On the other hand, Skyward Sword was a completely nonsensical mess and only makes sense once you realize that it doesn't actually function like a sword whatsoever. It works just like clicking a button, only in a convoluted manner that's inferior to just using a regular drat controller.

e: I think that in hindsight it's fair to say that the Wiimote was the Thing Dragging Lots of Games Down. The best you could say about it most of the time is that it was relatively unobtrusive, except even in games like Super Mario Galaxy it relegated a critical game mechanic (spin attack) to the waggle rather than just using a loving button. It's pretty telling that the primary controller for the successor console is very much a normal controller with a really cool screen inset.

RyokoTK has a new favorite as of 04:34 on Jul 27, 2014

grittyreboot
Oct 2, 2012

Mokinokaro posted:

I've heard a LOT of it depends on how you set up the sensor bar and calibrate it. If you get it set up right, it works excellently.

I guess I set mine up properly because I thought RE4 was a blast on it.

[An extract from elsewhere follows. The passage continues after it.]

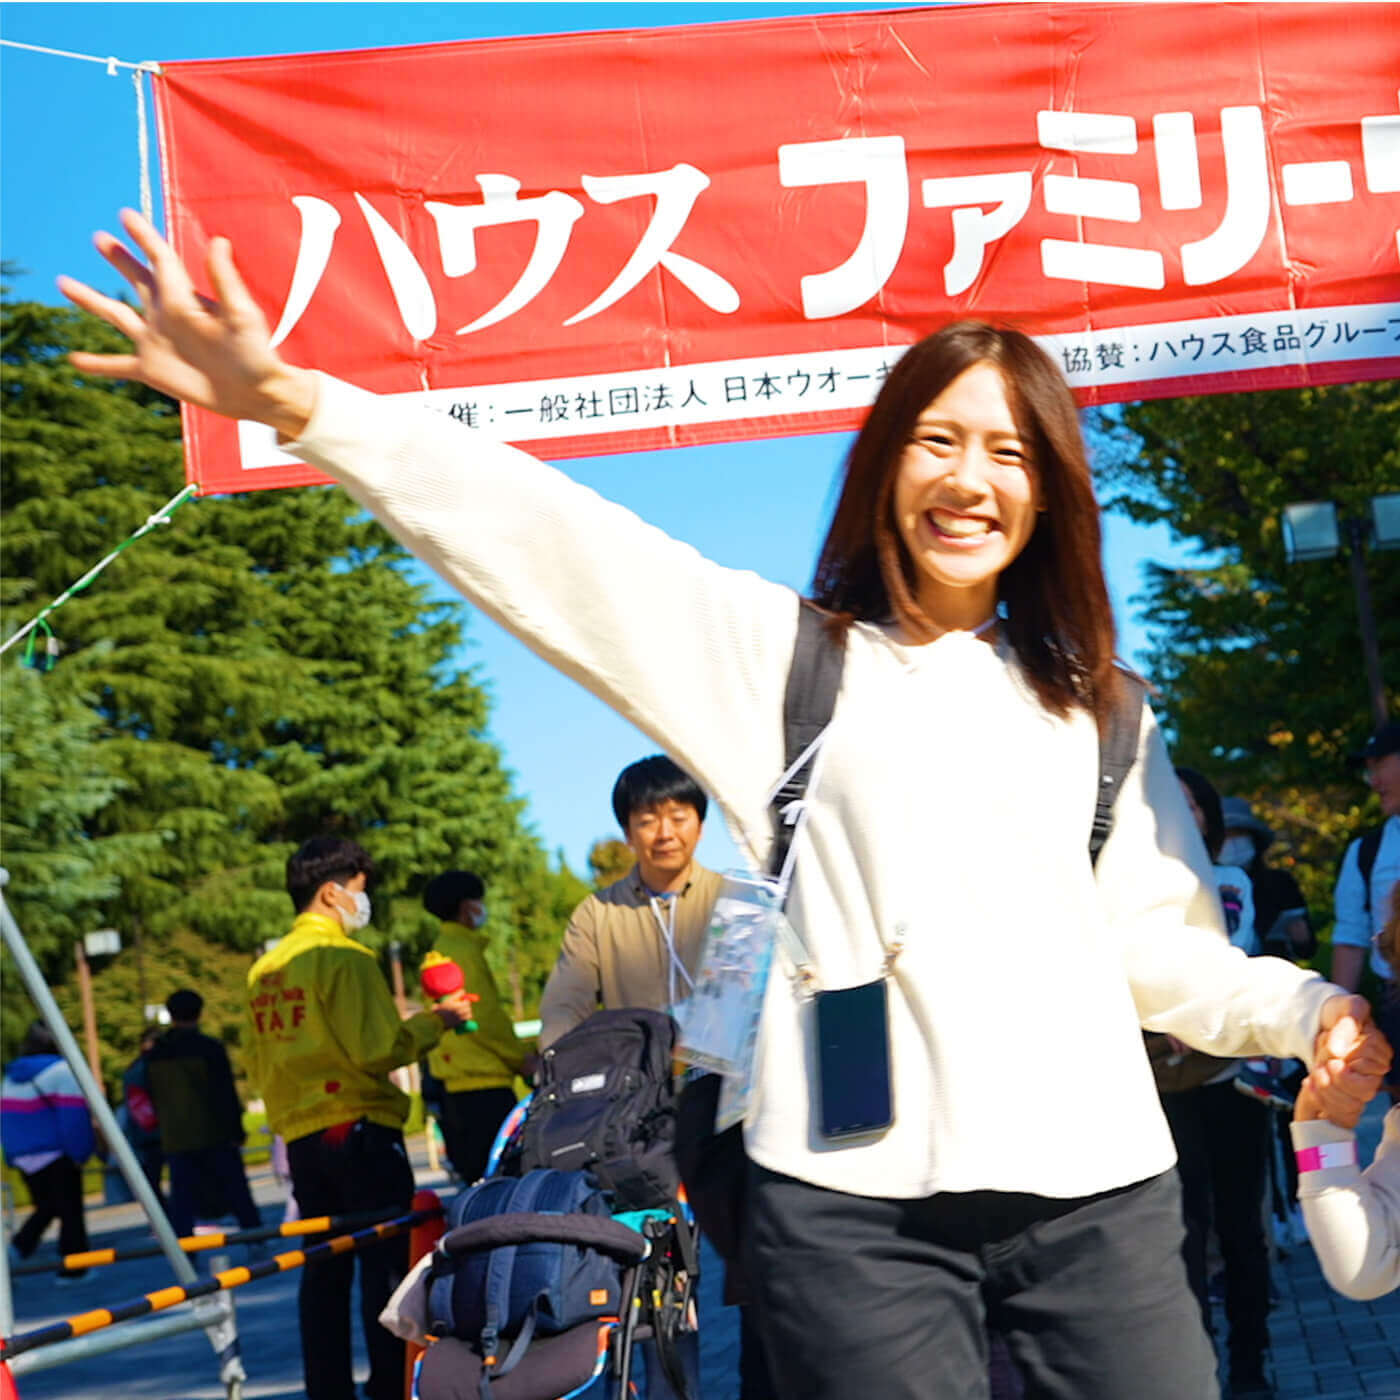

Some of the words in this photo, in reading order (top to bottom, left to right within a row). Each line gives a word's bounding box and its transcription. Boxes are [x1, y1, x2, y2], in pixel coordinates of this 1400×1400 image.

The one problem I had was the big neon green and red reticle was obnoxious and took me out of the game completely.

Tunicate
May 15, 2012

Also, don't have a window behind the wiimote, since sunlight will wash out the IR beacons in the sensor bar.

GOTTA STAY FAI
Mar 24, 2005

~no glitter in the gutter~
~no twilight galaxy~
College Slice
Windows, framed art, CRT screens, and other reflective surfaces in the room (not necessarily even near the sensor bar or Wii Remote) can screw with it. That said, I've found that some games handle shiny stuff better than others.

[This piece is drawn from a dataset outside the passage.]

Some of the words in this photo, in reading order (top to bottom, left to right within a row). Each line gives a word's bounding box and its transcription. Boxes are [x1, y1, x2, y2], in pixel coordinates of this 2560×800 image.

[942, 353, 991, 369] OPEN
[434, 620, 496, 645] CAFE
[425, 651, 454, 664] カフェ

Wii Sports is a mess roughly 50% of the time regardless of how the room is set up, but I don't think much of that has to do with the IR sensor.

The House of the Dead 2 & 3 Return is fairly accurate once you cover up/remove shiny poo poo and set up the sensor bar correctly, but still manages to be off by just a little bit during most gameplay.

Pandora's Tower seems like it handles the "point at the screen" bits fairly well regardless of the drapes being drawn.

Link's Crossbow Training, which came bundled with the Wii Zapper, responds loving wonderfully, giving you insane precision, even if you're playing in a funhouse mirror room with a transparent ceiling at noon on a clear day.

Dragon Quest Swords is the same as Link's Crossbow Training--really good.

Corruption and a handful of other games I've tried with the same exact setup just seem committed to loving up. They get all uncalibrated, lose the pointer (which in some games stops the action immediately), or just spaz out no matter how well you try to set things up in the room and tinker with the sensor bar.

scarycave
Oct 9, 2012

Dominic Beegan:
Exterminator For Hire
Sometimes Okami worked well with the wii-mote, and sometimes it was like "Not today!" and you'd just gently caress up a line or something.
Okamiden handled it a lot better since it feels more natural that you draw it on a screen. Of course I'm still mad at how that game handles it's final quarter. The point of no return is still pretty ridiculous too me - though I guess its more for game limitations than anything.

Croccers
Jun 15, 2012
The PS Move controllers were pretty dang accurate and responsive.
They were also PS Move controllers :(
I just wanted beefed-up, decent controlling Wii games from it.

Xander77
Apr 6, 2009

Fuck it then. For another pit sandwich and some 'tater salad, I'll post a few more.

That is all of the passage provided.